ハーマイオニーが「そうだわ!悪魔の罠は、暗闇と湿気を好むの。火をつけるのよ!」彼女も「インセンディオ」と唱え脱出をはかる。同様にしてハリーとロンも降りてくる。
「やはりあなた無言呪文つかえるでしょ」といったハーマイオニーの言葉には聞こえないふりをしておいた。
そのあとは、何百本とある鍵を捕らえ、人間チェスの試練だった。ひとつひとつをクリアしていきながら、彼らはあのころこんなことに巻き込まれたのか。と辛い気持ちになっていた。自分の息子がこんな目にあっていると知ったら自分なら冷静でいられる自信がない。だから、彼らは勇敢だったのだ。得心がいったと、おもった。だから彼らは唯一無二の友人同士だったのだ。
人間チェスでは、ロンが犠牲になった。すぐに駆け寄るが、気絶をしているようで安心する。
ハリーがハーマイオニーに「戻って欲しい」とお願いをしていた。
「このままロンといて。ロンがめざめたらそのままさっきの鍵の部屋までもどってくれる。ロンは箒が上手だから大丈夫だよ。そうして、待っていて欲しいんだ。」
「助けは呼ばなくていいの?」
「実はもう呼んでるんだ。君たちは外のドアで待っているといい。大丈夫。」
でも、とハーマイオニーは食い下がる。
「大丈夫、残るはおそらくクィレルとスネイプの罠だ。ドラコがいる。あいつの成績知ってるだろう」
ちらり、と彼女が僕の顔をみる。大丈夫だと安心させるように笑いかける。
「わかったわ。お願いよ。二人とも気を付けてね」
「あぁ、行ってくるよ」
次の部屋ではトロールがすでに伸びていた。そうか、つまりはスネイプ先生の試練が最後になるのか。こんな状況なのに、どんな試練かがとても楽しみになる。

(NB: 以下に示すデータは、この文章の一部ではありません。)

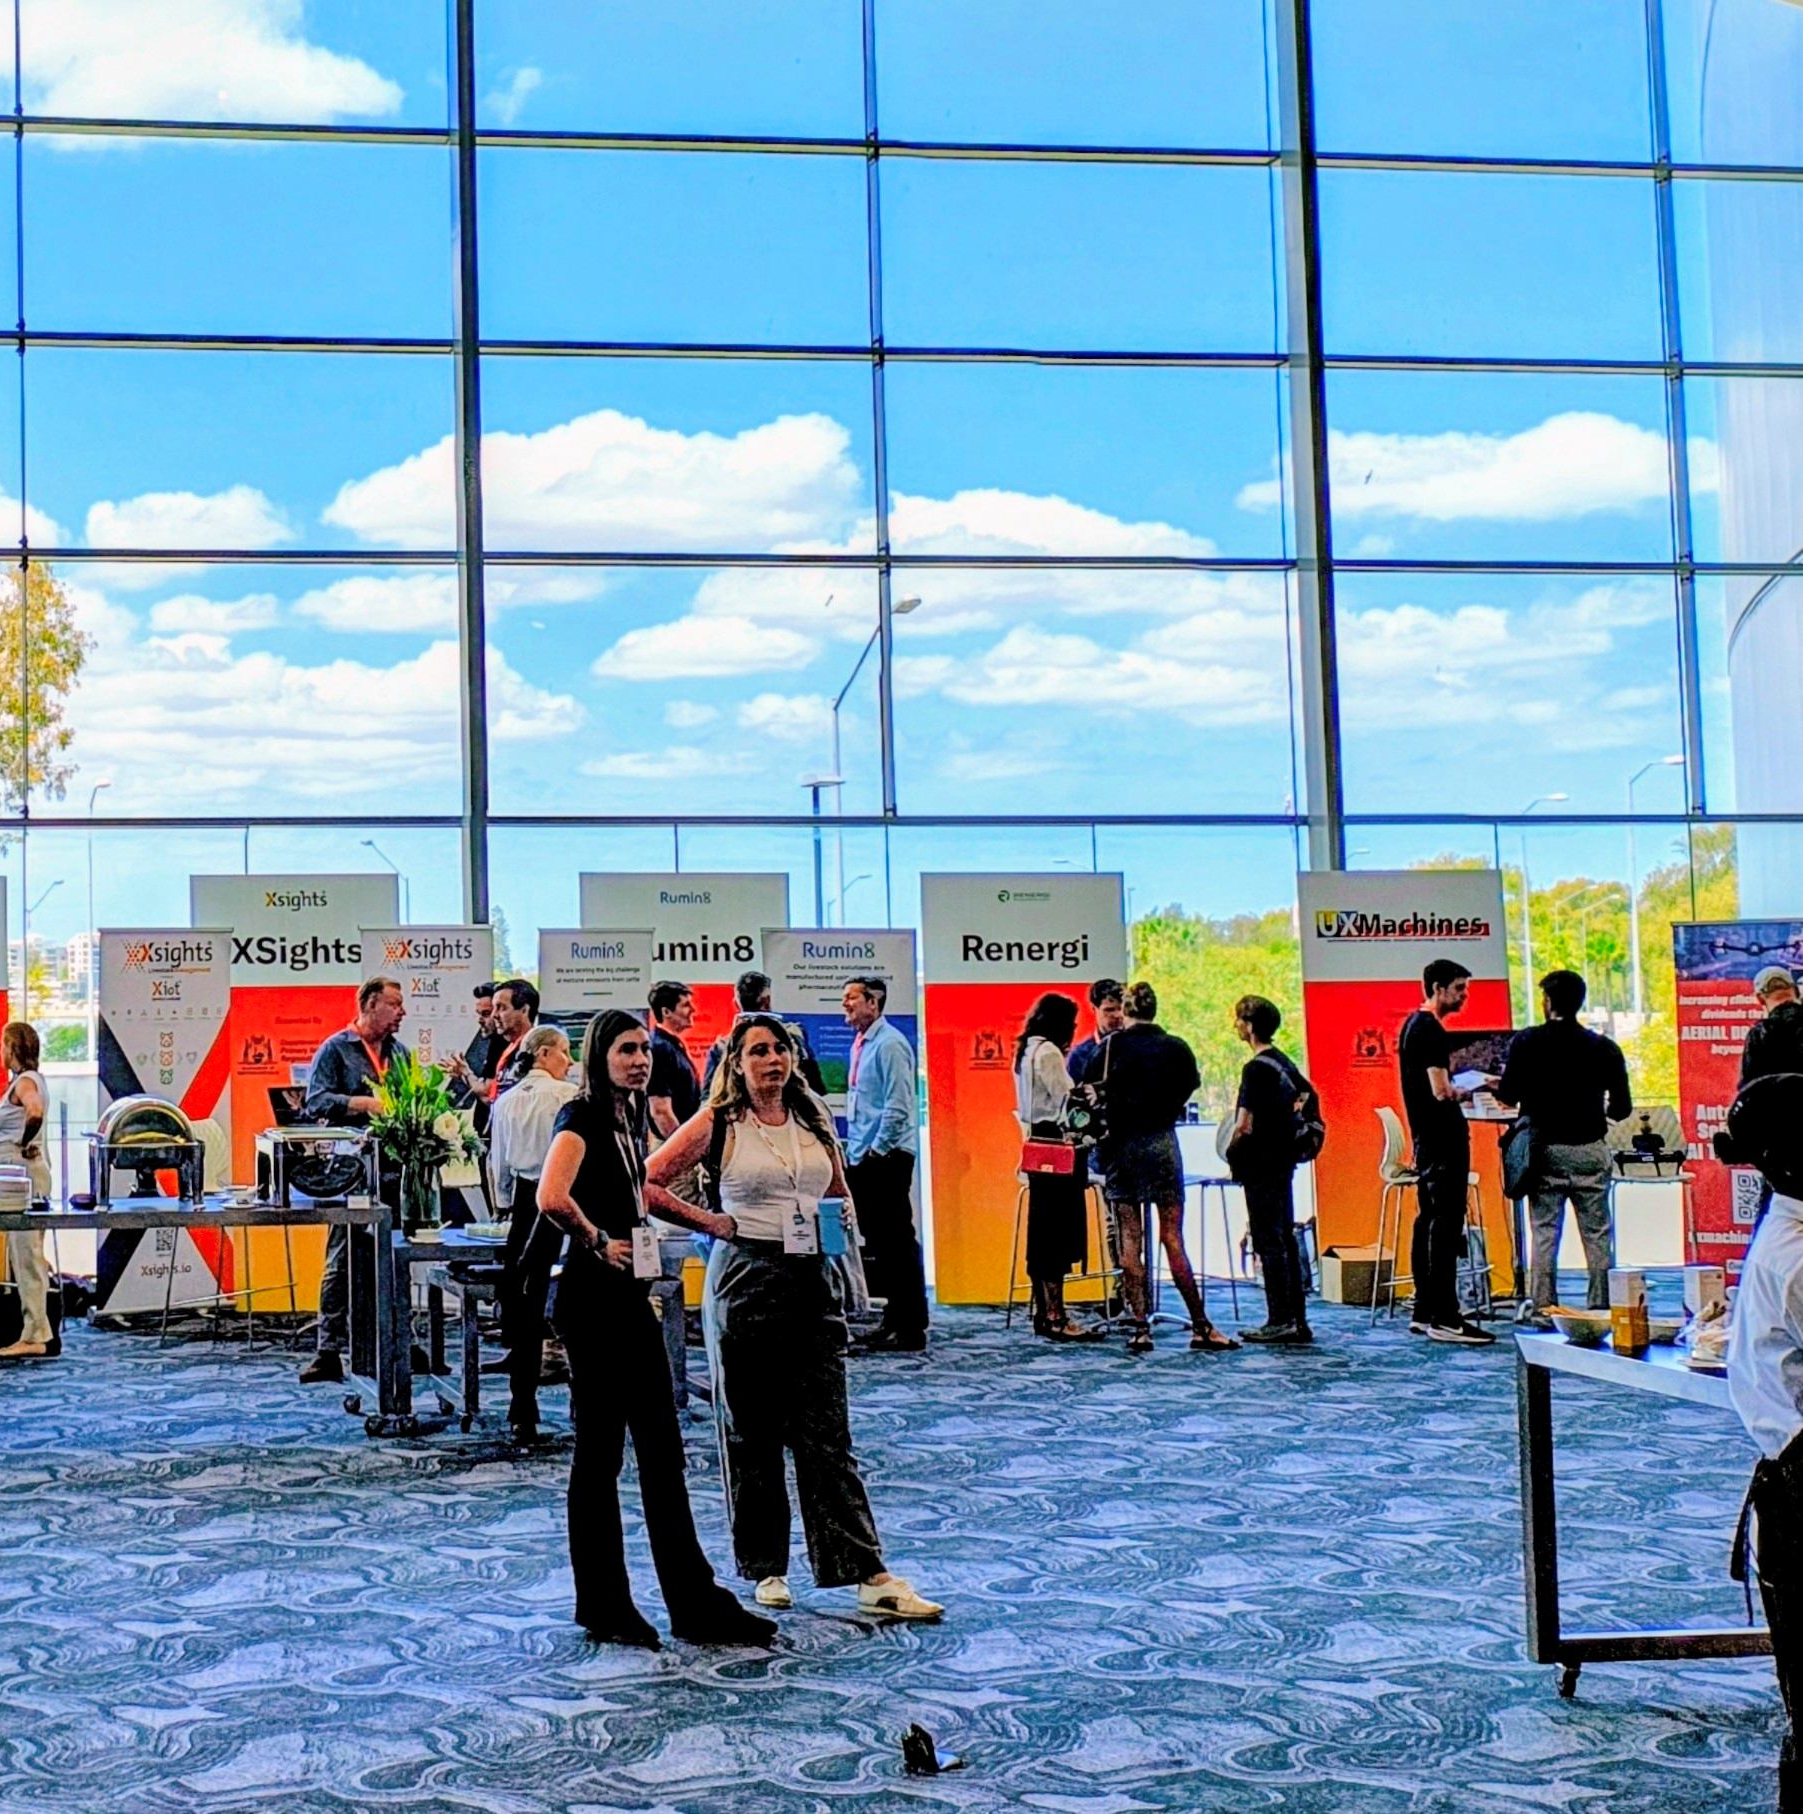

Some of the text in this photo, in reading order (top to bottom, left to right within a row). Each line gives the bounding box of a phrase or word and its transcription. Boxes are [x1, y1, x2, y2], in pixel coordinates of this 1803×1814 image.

[265, 890, 327, 911] Xsights
[660, 891, 712, 904] Rumin8
[1317, 912, 1486, 937] UXMachines
[141, 941, 213, 968] Xsights
[231, 937, 362, 971] XSights
[399, 938, 473, 965] Xsights
[571, 942, 625, 959] Rumin8
[652, 935, 755, 962] umin8
[803, 942, 875, 958] Rumin8
[962, 934, 1089, 968] Renergi
[1681, 1026, 1729, 1040] AERIAL
[141, 1264, 192, 1279] Xsighs.io

扉の敷居をまたぐと入口は紫の炎に包まれる。と、同時に次の部屋へと続く入口も黒い炎に包まれた。なるほど閉じ込められた。
「ドラコ。これ、とける?」
そういってハリーが渡してきたのは、七つの瓶のそばにあった巻き紙だ。「なるほど。これは面白い」そうだな「一番小さい瓶が、あの黒い炎を通してくれるらしい」
「そう、じゃあ紫の炎をくぐって戻れるようにする薬はどれ?」
「それは、なんの質問だ。」
「ドラコは、それを飲んでハーマイオニーとロンと一緒にいてくれ。この先は僕ひとりで行く。」
「僕も一緒に行く」
「だめだ!」
ひどい剣幕でハリーは叫ぶ。「君はきちゃダメだ」僕の両腕を掴み、懇願する。
「そんなに、僕は信用ならないのか。」
「そうじゃない!心配なんだ」
「僕も君が心配だ。だから一緒に行く」
「ダメ!ヴォルデモートがいるんだ。君は、彼が怖いだろう。ダメだ」
「随分と弱虫レッテルを貼られたな。まぁ実際倒れたし仕方ないが」
「じゃぁ」
「汚名を晴らすためにもいく」
僕は彼の意見を聞き入れない。聞き入れてたまるものか。前回の君が、「幸運」で帰って来れたとしても、今回の君が返ってくる保証はないじゃないか。僕は君の亡骸は見たくない。
「僕は、君に死んで欲しくない。」
「同意だ。同じ言葉を君に返そう。君の亡骸を見る趣味は僕にはないぞ」
「……っ!」
「だから、二人でいって、二人で帰ろう。」
そういっていつもの笑みでハリーに返すと、彼の表情はより険しいものになる。なんで、そんな泣きそうな顔をするんだ。「嘘つき」
「え?」
「ドラコの嘘つき。二人でとかいって自分が犠牲になればいいとか考えてるんだろう。」
「……」
「僕がそんなことして喜ぶとおもってるの!自己犠牲は美しくない。残されたもののことを考えろ!」
「落ち着けハリー」
なだめようとするが、ひどく興奮状態にある彼は、言葉を滑らす。
「僕をおいていったくせに」「僕が独りになっても『私がいる』って言ったくせに、僕をおいていったのは君じゃないか。僕を一人にしないって、ずっとそばにいるっていってくれたくせに、裏切ったのはドラコだ」
「ハリー…。君は何をいって」
「もういい。勝手にすれば。」
そういって、彼は小さい瓶を一口のみ、僕によこす。
「透明マントを羽織っておいて。僕は生き残る。何があっても出てこないで。約束できる?」
「あ、あぁ」
返事をしながら残った薬を飲み干す。